■ Required action: Every entry below must be transcribed word for word, and the images must be left out.

■ Listed records:

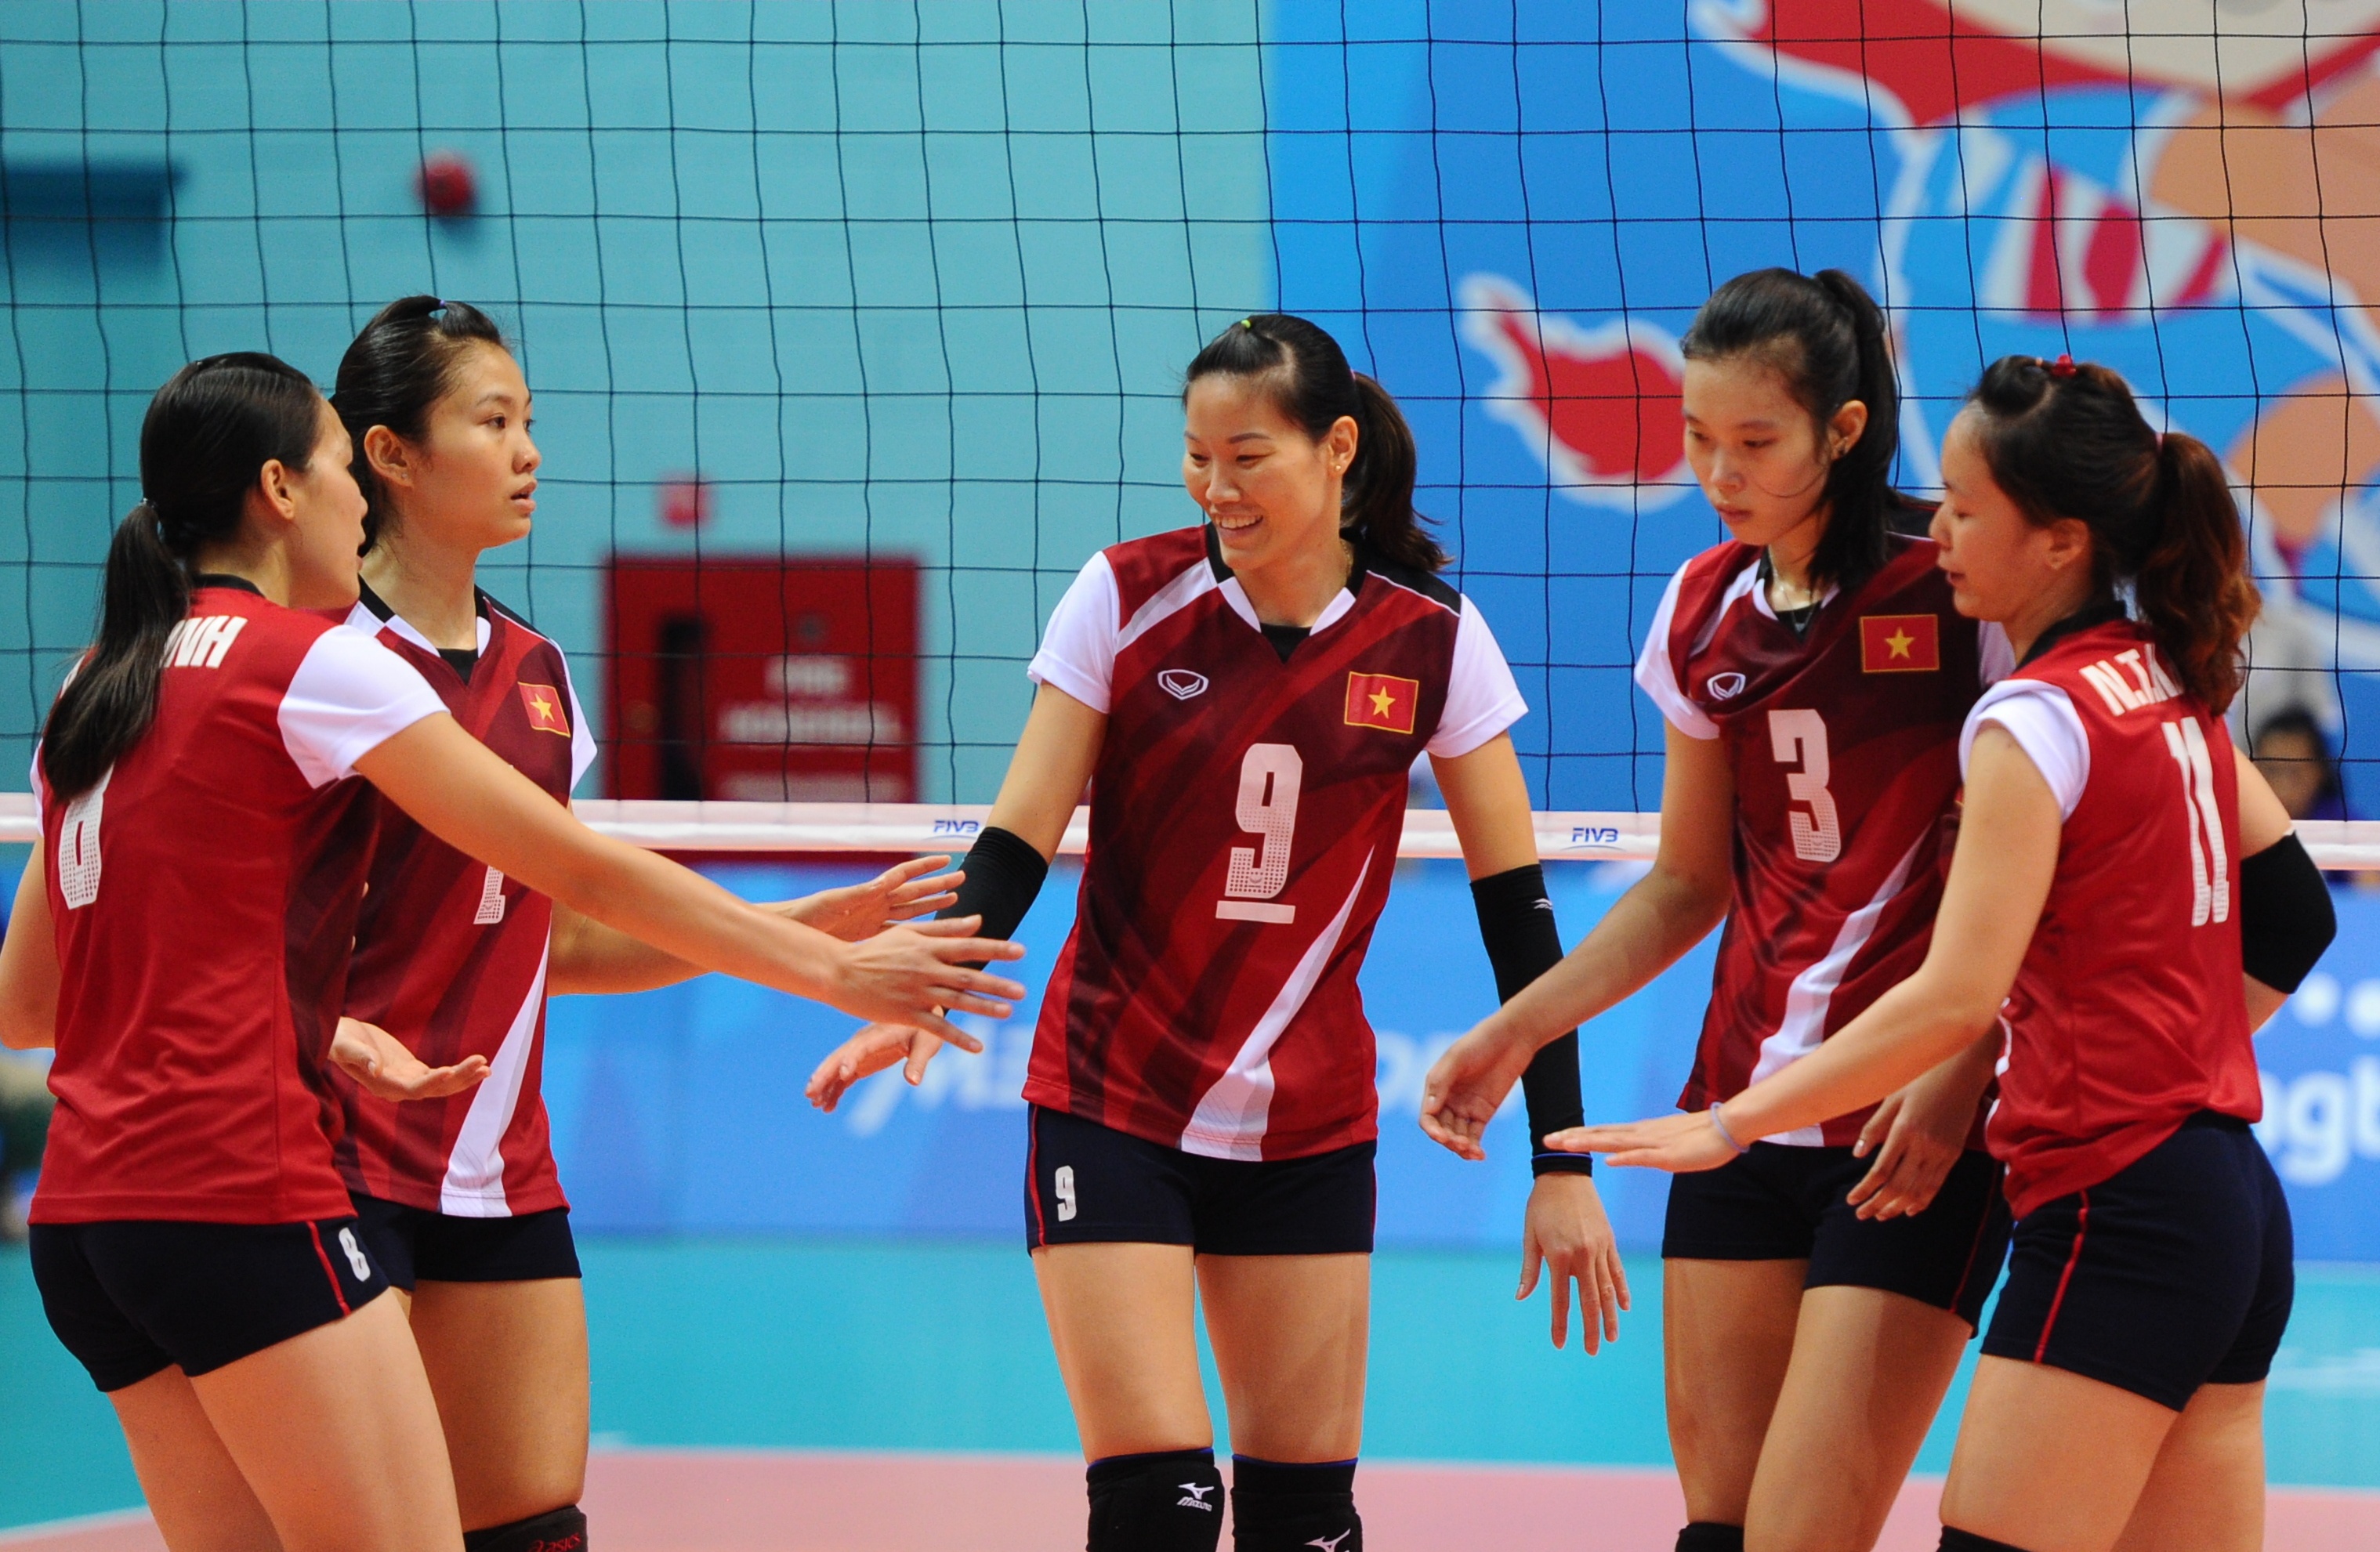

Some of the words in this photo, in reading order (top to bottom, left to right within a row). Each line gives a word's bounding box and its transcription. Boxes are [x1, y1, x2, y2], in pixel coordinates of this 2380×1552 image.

[1768, 709, 1842, 863] 3
[933, 820, 979, 832] FIVB
[1224, 743, 1303, 899] 9
[1571, 827, 1618, 842] FIVB
[2161, 716, 2230, 926] 11
[1055, 1165, 1078, 1221] 9
[339, 1227, 371, 1282] 8

■ Final answer:
Some of the words in this photo, in reading order (top to bottom, left to right within a row). Each line gives a word's bounding box and its transcription. Boxes are [x1, y1, x2, y2], in pixel coordinates of this 2380×1552 image.

[1768, 709, 1842, 863] 3
[933, 820, 979, 832] FIVB
[1224, 743, 1303, 899] 9
[1571, 827, 1618, 842] FIVB
[2161, 716, 2230, 926] 11
[1055, 1165, 1078, 1221] 9
[339, 1227, 371, 1282] 8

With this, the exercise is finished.